Пассажир слюняво сопел. Отец спросил его:
— А вы, мистер, откуда?
— С севера.
— Едете в Олтон?
— Все может статься.
— Бывали уже в Олтоне?
— Довелось один раз.
— А чем занимаетесь?
— Я… э-э-э… повар.
— Повар! Как это прекрасно. Вы, конечно, меня не обманываете. И какие же у вас планы? Хотите остаться в Олтоне?
— М-м… Думаю подработать да махнуть на юг.
— Знаете, мистер, — сказал отец, — именно об этом я всю жизнь мечтал. Бродить с места на место. Жить, как птица. А когда наступят холода, расправить крылья и улететь на юг.
Пассажир хихикнул, озадаченный.
Отец продолжал:
— Я всегда хотел жить во Флориде, а сам даже издали ни разу ее не видел. Я не бывал южнее великого штата Мэриленд.
— Ничего там хорошего нет, в этом Мэриленде.
— Помню, еще в школе, в Пассейике, — сказал отец, — учитель часто рассказывал нам о белых крылечках Балтимора. Он говорил, что каждое утро хозяйки с ведрами и щетками моют белые мраморные ступеньки до блеска. Видели вы это?

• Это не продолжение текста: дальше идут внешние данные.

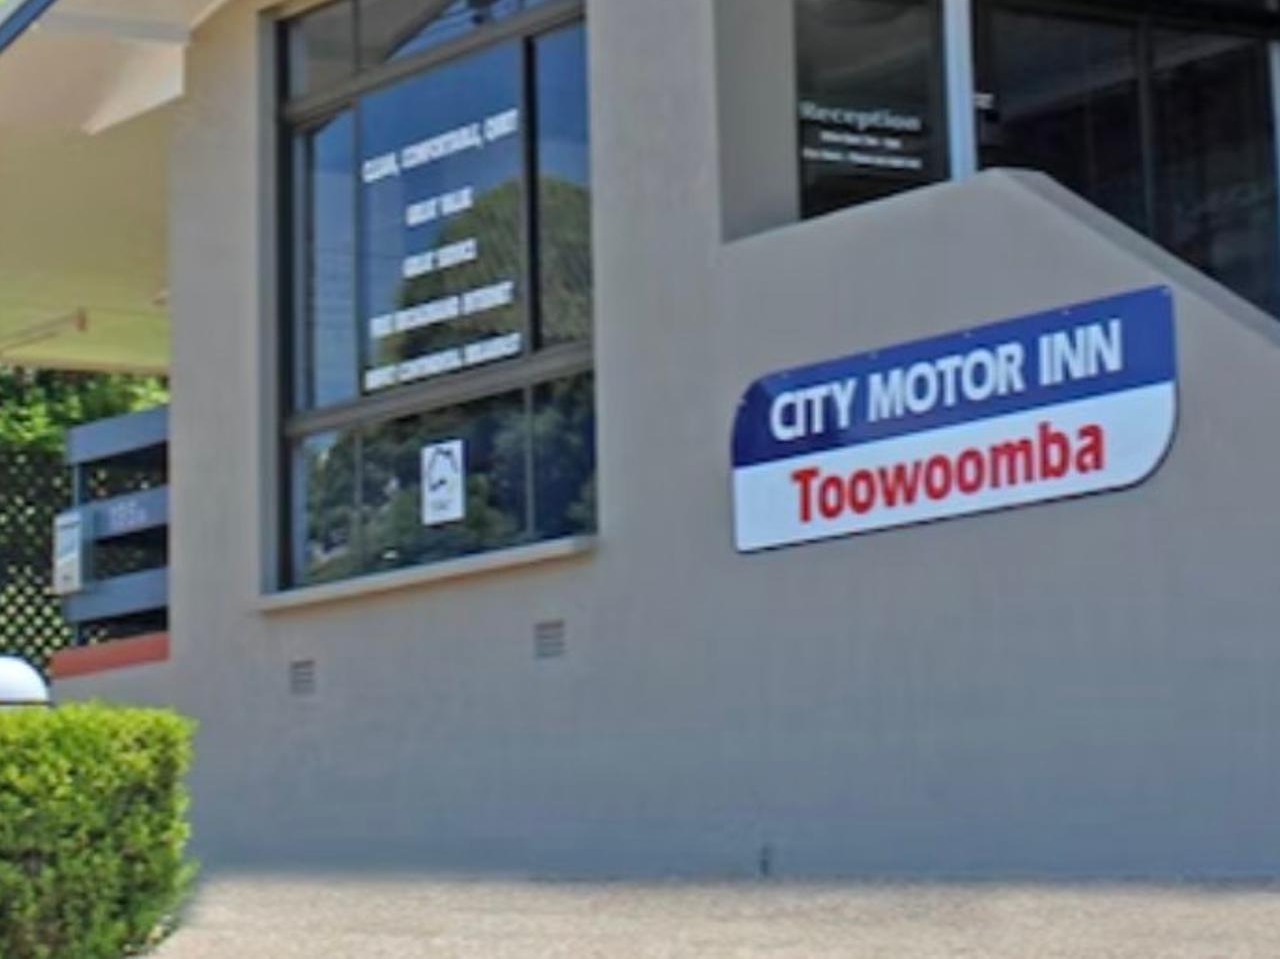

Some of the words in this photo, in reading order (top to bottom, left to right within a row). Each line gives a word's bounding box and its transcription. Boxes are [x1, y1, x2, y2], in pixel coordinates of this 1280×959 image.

— Бывал я в Балтиморе, но такого не видел.
— Так я и знал. Нас обманывали. На кой черт станут люди всю жизнь мыть белый мрамор, ведь его только вымоешь, какой-нибудь дурак в грязных ботинках сразу наследит. Никогда не мог этому поверить.
— Я такого не видел, — сказал пассажир, словно жалея, что из-за него отца постигло столь горькое разочарование. Встречая незнакомых людей, отец с таким жадным интересом их расспрашивал, что они терялись. Волей-неволей им приходилось вместе с ним тщетно, но упорно доискиваться правды. В то утро отец доискивался с особым упорством, как будто боялся не успеть. Он буквально выкрикнул следующий вопрос:
— И как это вы здесь застряли? На вашем месте, мистер, я давно был бы во Флориде, только меня здесь и видели.
— Я жил с одним малым в Олбэни, — неохотно ответил пассажир.
Так я и знал! Сердце у меня упало; но отец, видно, забыл, какая это скользкая тема.